A Guide to Planning Effective Promotions
Organizing promotions is a less-than-glamorous subject. Good promotions are all about creativity combined with nuts-and-bolts stuff that “everyone already knows. But without good nuts and bolts, it’s tough to build the solid, successful businesses we all want to operate.
We’ve been running promotions for so many years I sometimes take them for granted. Yet promotions contribute hugely to building sales and positive energy, helping make our organization successful.
Why Promote?
The immediate answer is to get a quick boost in sales. Which is certainly true. But there’s much more to get out of a good promotion than just sales.

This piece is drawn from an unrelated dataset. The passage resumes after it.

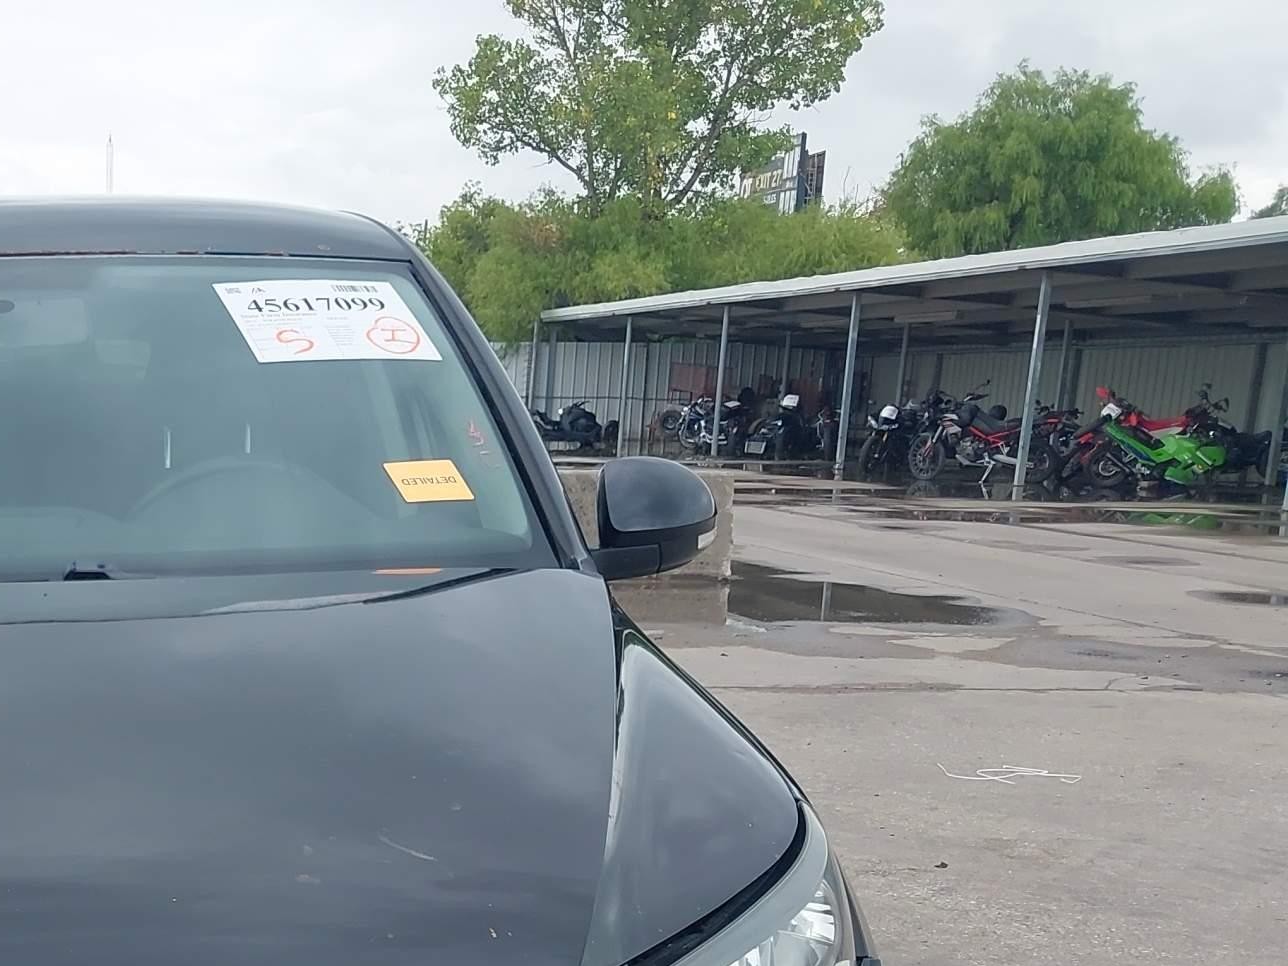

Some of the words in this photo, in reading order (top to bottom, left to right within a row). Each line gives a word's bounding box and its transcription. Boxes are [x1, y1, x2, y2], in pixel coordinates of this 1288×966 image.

[247, 297, 385, 313] 45617099
[276, 329, 314, 355] S
[400, 475, 457, 486] DETAILED

Here’s what else promotions can do for your business:
1) Achieve a long-term vision
Promotions are one of many tactical steps to attain a long-term vision of success—for the organization overall, and for the product or service in specific. Writing a vision requires us to put down on paper the answers to a series of questions about where we’re headed a few years down the road. It’s a picture of success that details sales levels, the way people perceive the product, the way the staff feels about it, etc. Promotions are a key merchandising tactic to help get there.
2) Build overall energy
Specialty food retailers are in the entertainment business. When there’s good energy around our theatrical work, when the performance is compelling, customers will come back. People want to shop/spend time and money where there’s good energy. Promotions make the staff more upbeat; customers have fun and sales increase.
3) Increase sales
Good promotions will increase sales volume, clearly helping finances. But they can also contribute to better service—when things are busy we’re generally more on top of our game. A promotion can contribute to food quality too—the more we work with a product, the better chance we have of perfecting the production, and the more we can work with suppliers to keep it fresh. Work is usually a lot more fun, and when people are having more fun everything—including sales—gets better.
4) Build momentum
Effective merchandising is all about momentum. You can sell anything once. The more meaningful challenge is to get the word out about a product over time to build good feelings among the staff, customers and community. Successful promotions build momentum that can spark other great things and carry us through the inevitable tough times.
Types of Promotions
We have big promotions, little promotions; month long, week long, day long; promotions that will last as long as we’re in business, and quick ones that only last an hour or two. If you are just starting, I recommend keeping it simple; it’s a challenge to maintain an effective balance between piquing interest and overdoing it. Too little promotion and it gets boring; too much and neither customers nor staff can keep track of what’s going on. When you hit it right, it’s a great thing to see—sales and profits both go up, customers have a better shopping and eating experience, and the staff has more fun.
Here are some types of promotions:
1. “It’s Boring”” or “We Need to Move Some Product” promotions
We do these when business is slow, or we’re all just dragging and need to infuse a little energy. It’s amazing how much you can get the staff into one of these. And you can create some impressive sales on a slow summer day or in the middle of a snowstorm. These generate better sales and more fun, energy and action.
2. Weekend specials, one-week or month-long promos for a specific department
These involve identifying a theme that will work for most departments. They build teamwork across departmental lines and excite customers from the minute they hit the front door. We prefer the month-long time frame—it gives the staff time to get comfortable with the products in order to sell them more effectively, and allows customers to find out about the promotion.
3. Giveaways
As a Russian history major, I can report that one of the most successful promotions in history happened in 1896—half a million people came to a field outside Moscow to get a free gift of a roll, sausage, cookie and a mug for the coronation of Tsar Nicholas II. On a much smaller scale, we do an “official Gelato Season Kickoff at the Creamery each spring. We give away mini cones of gelato to customers who’ve driven across town (we’re in an industrial park) to get a free taste, and most buy either cheese or additional gelato to take home.
4. Tie-ins with other organizations
It’s good to connect with organizations that sell compatible, but not competing, products or services. Any business that you respect and that sells something that you don’t is a good candidate. We often partner with musical venues.
5. Tie-ins with non-profit activity
When we do these well, we’re helping a good cause that needs assistance. And we’re also building positive customer and staff momentum.
6. Holiday-oriented events
Christmas, Passover, Easter, Kwanzaa, Rosh Hashanah, Kenyan Independence Day (December 12 if you were curious)—if there’s a holiday, you can build a promotion around it.
7. Themed store-wide promotions around countries or regions
Brazil, Great Britain, the Basque Country or anything in between. These national/ regional themes work in terms of getting a series of otherwise disparate foods under one “promotional umbrella.
8. “Take-Trouble-and-Turn-it-Into-a-Positive”” promotions
See the Parking Ticket Promo on page 32 for one example of this. Another is our “if you can’t fit your little finger through the hole, you get the bagel for free” promo. This calls attention to the importance of a good-sized hole in the center of a traditional bagel and gets the customer involved in helping us manage quality.